Electing judges is not always a problem. On the contrary, a reasonable case can be made that local voters do gain some information about county judicial candidates during electoral campaigns — and do often enough make informed choices in these local races.
But in Pennsylvania, the greatest problem exists in elections to the three state appeals courts: the Commonwealth, Superior, and Supreme Courts. This year, eighteen candidates are running statewide for seats on these courts — twelve for three Supreme Court seats, three for one seat on the Superior Court, and three for one seat on the Commonwealth Court.
The problem is that the average Pennsylvania voter on Election Day will know almost nothing about the backgrounds and qualifications of these statewide judicial candidates. Whoever is elected in November — the informed electorate of democratic theory will not have had much to do with it.
Many believe the solution to this electoral anarchy is an appointive merit system. Such a system, as often described, might have a diverse nominating commission of citizens, former judges, and gubernatorial and legislative appointees. The commission would evaluate the credentials, perform interviews, check backgrounds, and recommend to the governor the names of qualified potential court nominees. Gubernatorial appointees would then need confirmation by a majority of the state Senate.
Why consider moving to an appointive system for appellate judges?
There are at least three compelling reasons for doing so. All of them illustrate how the theory of an informed electorate choosing judges has been subverted by the actual practice of doing so.
• Low turnout and low voter information: Appellate judicial elections are characterized by low voter information and the low voter turnout, typical of off-year elections. The majority of voters don’t participate in these elections and those who do typically have very little knowledge of candidate qualities. Consequently, candidates are elected based on factors that should have little or no relevance such as a recognizable name, ballot position, party endorsements, regional support or fundraising advantage.

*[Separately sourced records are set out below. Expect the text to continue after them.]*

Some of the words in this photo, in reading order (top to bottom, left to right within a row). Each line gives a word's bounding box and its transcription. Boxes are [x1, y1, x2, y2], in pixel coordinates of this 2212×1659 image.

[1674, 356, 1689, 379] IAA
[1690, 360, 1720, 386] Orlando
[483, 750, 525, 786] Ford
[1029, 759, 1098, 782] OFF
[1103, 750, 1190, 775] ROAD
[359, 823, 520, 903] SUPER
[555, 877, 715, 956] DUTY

• Money and more money: In 2009, two Supreme Court candidates alone spent almost $5 million. This year, especially with three open seats on the Supreme Court, the amount of money candidates will raise will surpass any previous judicial fundraising. Not only is money having a pernicious role in selecting judges but more and more of it is coming from law firms and other special interests that may have clients with cases in front of these very appeals courts.

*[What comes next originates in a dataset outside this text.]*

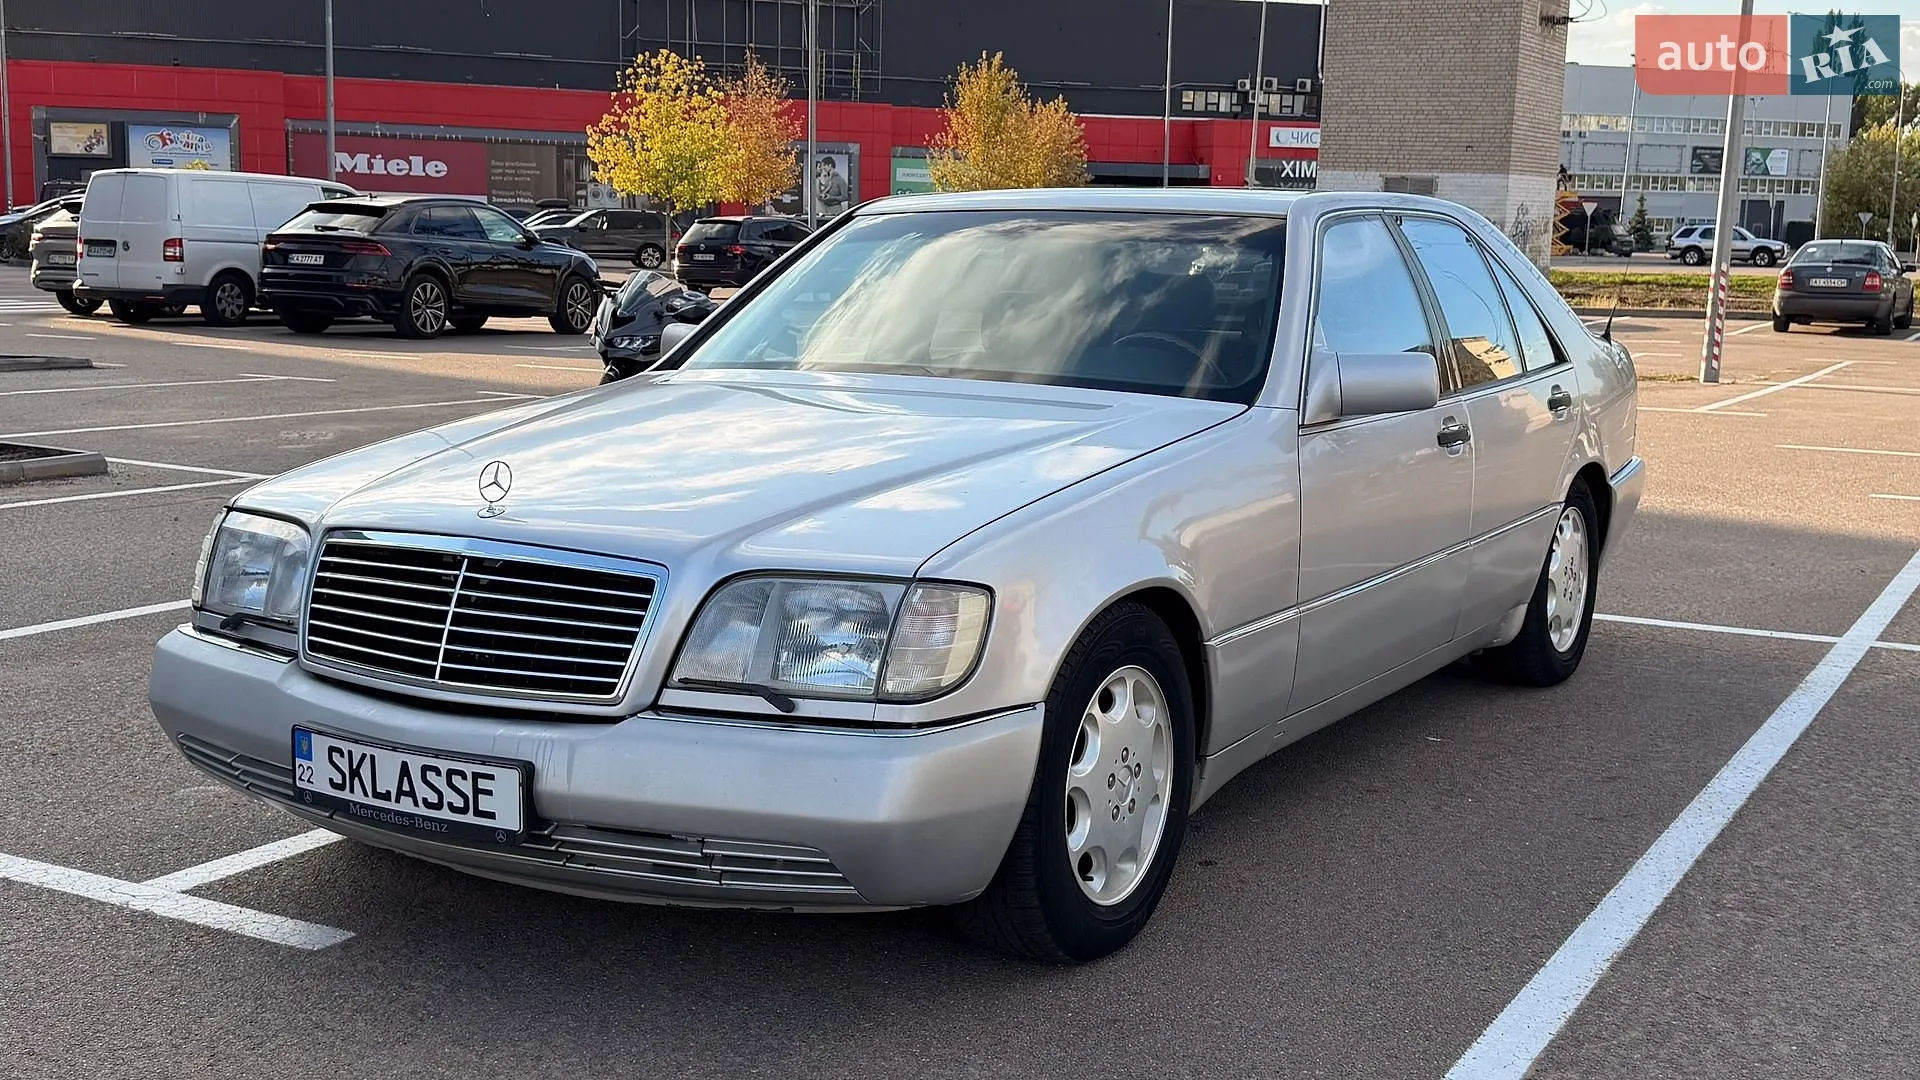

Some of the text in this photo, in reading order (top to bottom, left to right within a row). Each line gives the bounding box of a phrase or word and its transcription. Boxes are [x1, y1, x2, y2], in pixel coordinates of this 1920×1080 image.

[334, 151, 448, 178] Miele
[297, 745, 497, 821] 22 SKLASSE
[349, 802, 449, 833] Mercedes-Benz

• The Citizens United Effect: In 2010, the U.S. Supreme Court ruled that prohibiting nonprofits, corporations, unions and other organizations from limiting or controlling independent campaign contributions violated the first amendment. That has led inexorably to an increase in outside and special interest campaign contributions to judicial candidates, further eroding the role of the ordinary voter.
Collectively, these effects of electing appellate judges have left voters with declining confidence in the judiciary. Compounding these factors, recent scandals within the state judiciary provide additional motivation to consider the merits of an appointive system.

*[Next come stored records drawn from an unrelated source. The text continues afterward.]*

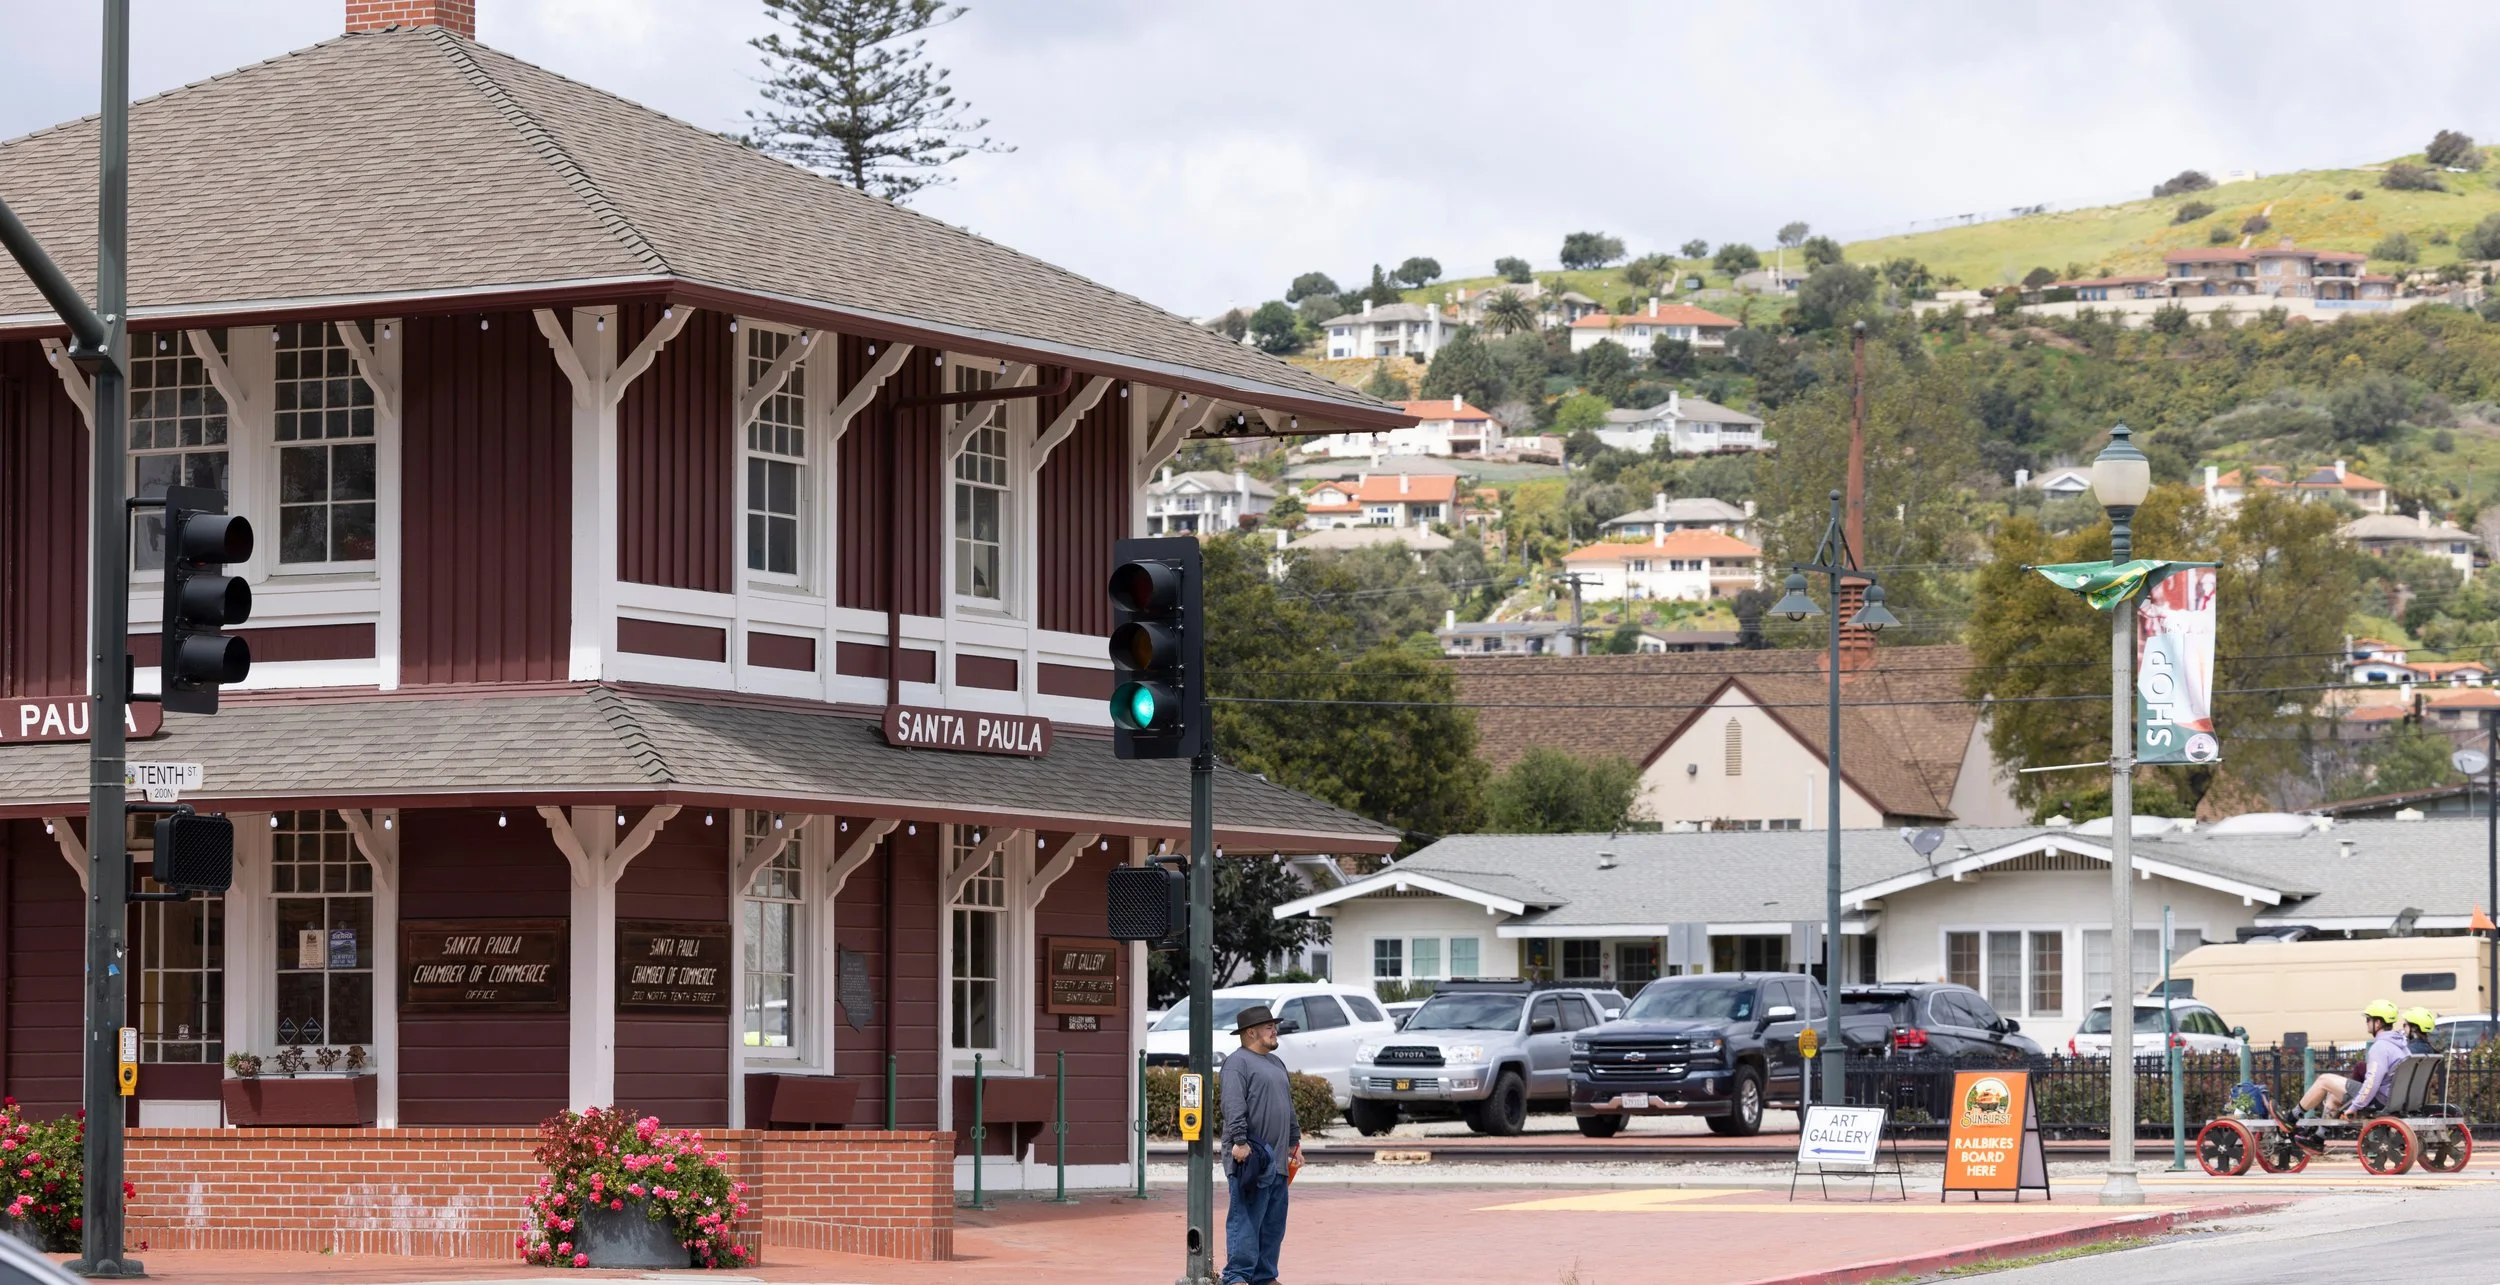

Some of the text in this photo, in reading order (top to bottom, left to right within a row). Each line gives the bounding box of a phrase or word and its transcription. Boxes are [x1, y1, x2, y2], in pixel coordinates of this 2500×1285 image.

[2146, 650, 2174, 747] SHOP
[20, 702, 137, 737] PAUA
[898, 711, 1042, 752] SANTA PAULA
[139, 765, 184, 785] TENTH
[442, 936, 523, 955] SANTA PAULA
[649, 938, 701, 957] SANTA PAULA
[1063, 952, 1106, 971] ART GALLERY
[413, 964, 551, 983] CHAMBER OF COMMERCE
[631, 965, 717, 986] CHAMBER OF COMMERCE
[1054, 980, 1114, 991] SOCIETY OF THE ARTS
[465, 990, 498, 1000] OFFICE
[632, 991, 717, 1002] 200 NORTH TENTH STREET
[1066, 993, 1102, 1003] SANTA PAULA
[1830, 1114, 1858, 1127] ART
[1809, 1129, 1872, 1144] GALLERY
[1954, 1137, 2014, 1150] RAILBIKES
[1961, 1151, 2005, 1163] BOARD
[1966, 1165, 1997, 1177] HERE

Let’s be clear: no system for selecting judges in a democracy is perfect. Merit systems have not been a panacea where they have been adopted. Sometimes they have proved elitist while other studies have questioned whether they produce better judges.
Indeed, one could argue that — far from perfect — merit systems are simply the better of two imperfect choices we have for selecting judges.
Still, merit systems do provide a rational alternative to the electoral roulette we now use to select appellate judges. And a merit system would go some way toward restoring public confidence and trust in the judicial system.
Perfect they may not be; but sometimes going from bad to better is good enough.